- Opening Delimiter -

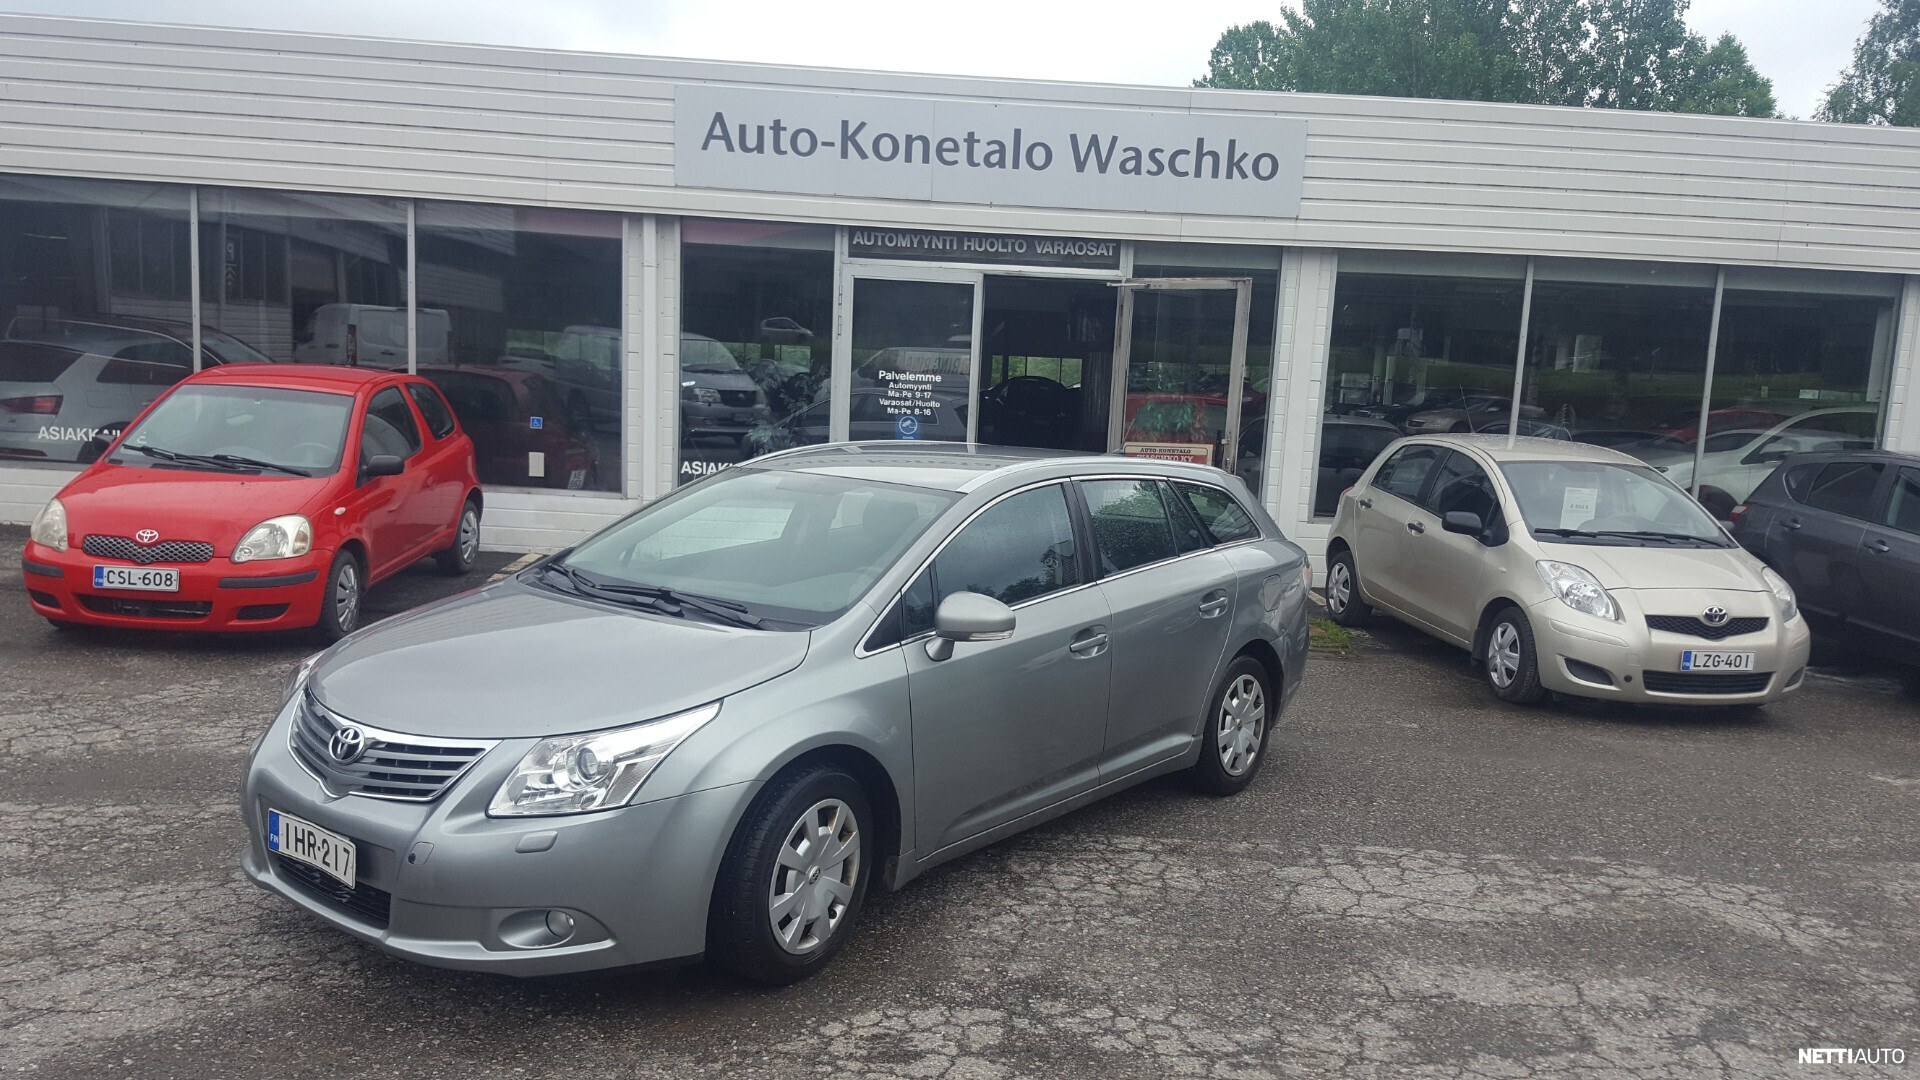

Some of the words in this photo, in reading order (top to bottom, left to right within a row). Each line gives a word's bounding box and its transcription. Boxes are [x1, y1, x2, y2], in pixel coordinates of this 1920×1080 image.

[701, 111, 1053, 172] Auto-Konetalo
[1069, 132, 1280, 182] Waschko
[852, 231, 957, 250] AUTOMYYNTI
[963, 237, 1027, 253] HUOLTO
[1034, 239, 1116, 257] VARAOSAT
[878, 370, 942, 382] Palvelemme
[888, 382, 932, 391] Automyynti
[887, 390, 912, 398] Ma-Pe
[915, 391, 932, 399] 9-17
[879, 398, 941, 408] Varaosat/Huolto
[887, 407, 912, 415] Ma-Pe
[914, 408, 931, 416] 8-16
[680, 460, 733, 475] ASIAK
[106, 569, 173, 587] CSL-608
[1693, 653, 1750, 669] LZG-401
[285, 822, 351, 876] IHR-217

- Closing Delimiter -

[What to produce]: The answer must repeat every line of the listing exactly and leave the pictures out.

[Exercise output]:
Some of the words in this photo, in reading order (top to bottom, left to right within a row). Each line gives a word's bounding box and its transcription. Boxes are [x1, y1, x2, y2], in pixel coordinates of this 1920×1080 image.

[701, 111, 1053, 172] Auto-Konetalo
[1069, 132, 1280, 182] Waschko
[852, 231, 957, 250] AUTOMYYNTI
[963, 237, 1027, 253] HUOLTO
[1034, 239, 1116, 257] VARAOSAT
[878, 370, 942, 382] Palvelemme
[888, 382, 932, 391] Automyynti
[887, 390, 912, 398] Ma-Pe
[915, 391, 932, 399] 9-17
[879, 398, 941, 408] Varaosat/Huolto
[887, 407, 912, 415] Ma-Pe
[914, 408, 931, 416] 8-16
[680, 460, 733, 475] ASIAK
[106, 569, 173, 587] CSL-608
[1693, 653, 1750, 669] LZG-401
[285, 822, 351, 876] IHR-217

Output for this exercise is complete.